Jersey to host the Brexit Hunger Games 2019!
Island confirmed as event venue after EU chiefs secure Whitehall assurances over desired competitors
The prime minister has today after months of uncertainty and turbulent negotiation, signed a full and binding separation agreement with the European Union.
A breakthrough was finally reached in the small hours of this morning when details were agreed on a new annual Brexit Hunger Games competition, pitting prominent Leave campaigners against one another, in a fight to the death on the island of Jersey; until, it is understood, there are none left.

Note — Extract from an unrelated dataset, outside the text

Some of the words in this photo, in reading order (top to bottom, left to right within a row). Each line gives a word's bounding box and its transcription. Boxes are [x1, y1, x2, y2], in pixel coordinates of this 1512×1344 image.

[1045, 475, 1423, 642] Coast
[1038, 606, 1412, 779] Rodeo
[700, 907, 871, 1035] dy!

‘I am delighted’ explained EU president Jean Claude-Junker today ‘The inaugural Brexit Hunger Games 2019 will go a long way to healing the divisions within Europe that this whole ugly fiasco has succeeding in confounding. We’ve got the people we want, when and where we want them.’ ‘And I am delighted’ he said ‘that this will take place in Jersey. As a location for an event such as this, it has it all. It really does. It’s got the cliffs, the marshlands, the weather, the hornets: it’s got all the natural perils one could wish for. It’s got the black dog of Bouley Bay. Sea lettuce. Barnacles. The cyclists alone make it one of the most dangerous places in Europe. There’s even talk’ he said ‘that Gulliver the seagull is set to be brought back from exile!….. And it’s got the third biggest tide movement in the world for goodness sakes! That’ll catch a few out for sure! The venue’ he said ‘selected itself.’ ‘In fact,’ Mr Junker continued ‘one of the biggest upsides to this whole Brexit debacle has been that it has allowed us to form closer ties with the people of Jersey. A thoroughly decent bunch, to be sure. Great swathes of the populous have been only too happy to see the games staged there; and have offered sincere assures that they will refrain from assisting the competitors, however desperate their situations become’
Mr Johnson, one of the first names on the list put forward by European leaders, will go into the games with specially designed table-tennis paddles, affixed with tungsten carbide barbs: allowing him to at once beat off his opponents, whilst simultaneously drawing them into engagement.
Former Education Secretary and tireless Brexit campaigner Michael Gove will be competing under the alias ‘Bad Seminar’, and will have, going into battle, a titanium bladed mortar-board, deadly at distances of eleven feet and under.
Other confirmed competitors include Nigel (Last Orders) Farage, who will have two smashed pint glasses at his disposal, as well as Leader of the House, Andrea (The Dread) Leadsom, who will be running the gauntlet with an electrified Commons mace.
‘We will also be seeing in combat’ explained Mr Junker ‘Piers Morgan and Katie Hopkins; who, despite not being such loud proponents of a split with Europe, were requested to compete by every single member state. Katie Hopkins will be known as ‘Skin Waste’, and will have in her armoury a huge poison-tipped fountain pen; that I, and all European leaders have since agreed should have neither a nib, nor any poison. Piers Morgan is to receive a life-size cut out of himself, and a spork.
Tickets for the opening ceremony of the event, taking place at FB fields on March 23rd 2019, go on sale at Seedee Jons from Monday.